>>>>

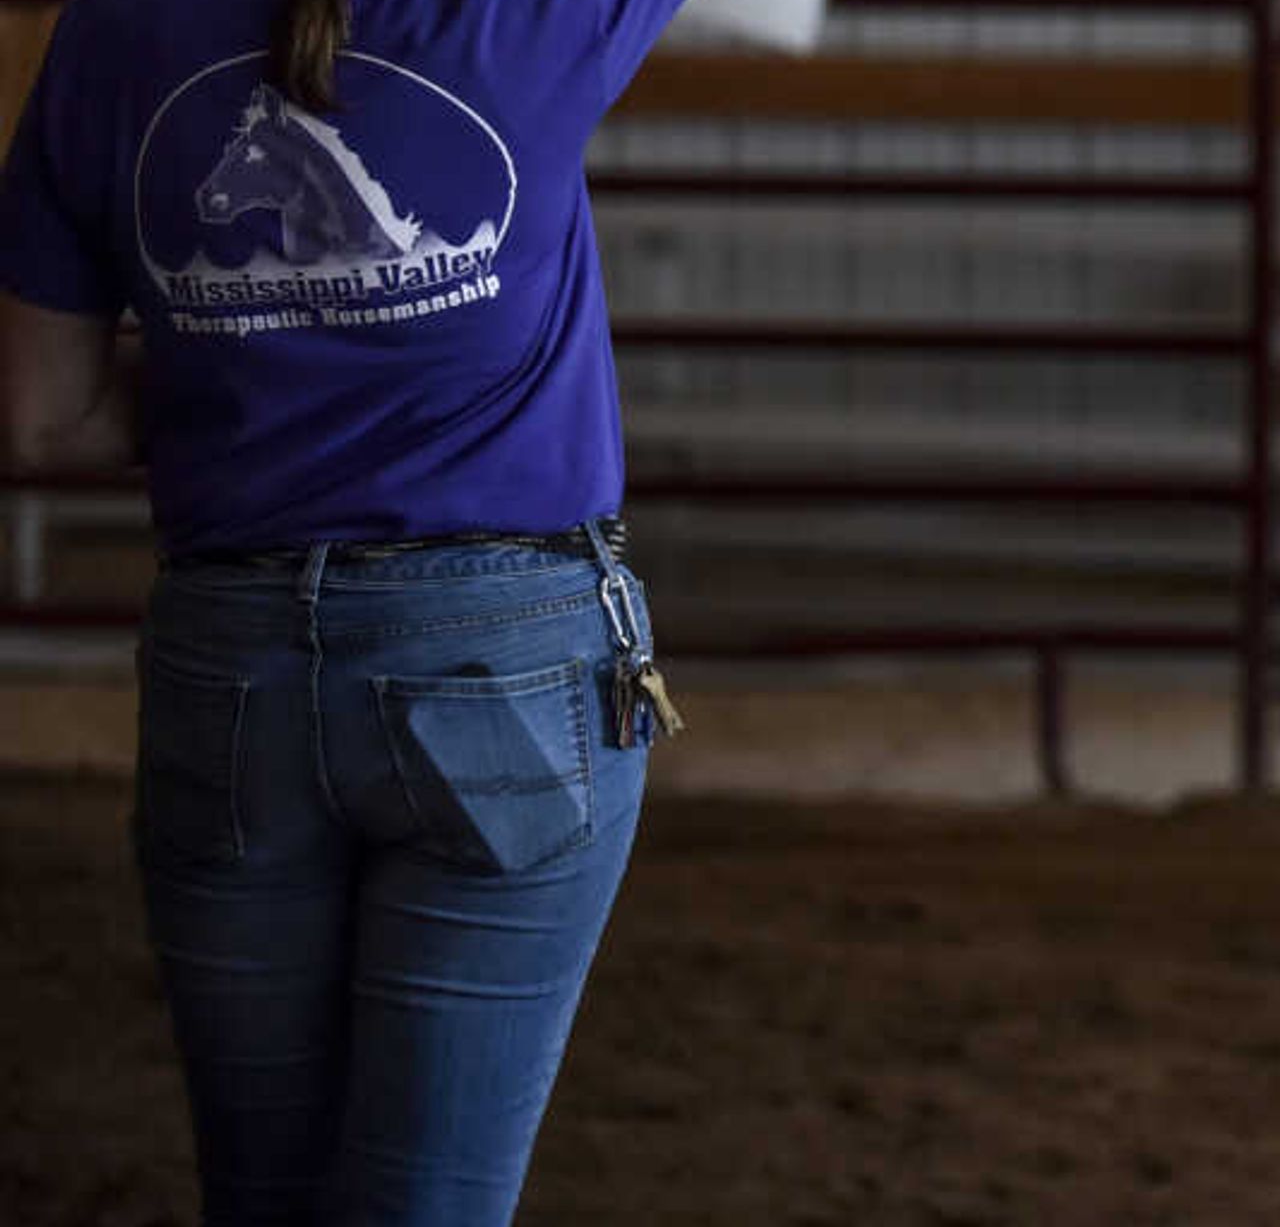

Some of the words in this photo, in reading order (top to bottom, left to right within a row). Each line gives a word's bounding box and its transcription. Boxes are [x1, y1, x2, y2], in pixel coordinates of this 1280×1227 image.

[166, 270, 365, 306] Mississippi
[376, 247, 493, 293] Valley
[171, 308, 313, 338] Therapeutic
[320, 274, 501, 326] Horsemanship

<<<<

Take the records above and transcribe them exactly, dropping every picture.

Some of the words in this photo, in reading order (top to bottom, left to right within a row). Each line gives a word's bounding box and its transcription. Boxes are [x1, y1, x2, y2], in pixel coordinates of this 1280×1227 image.

[166, 270, 365, 306] Mississippi
[376, 247, 493, 293] Valley
[171, 308, 313, 338] Therapeutic
[320, 274, 501, 326] Horsemanship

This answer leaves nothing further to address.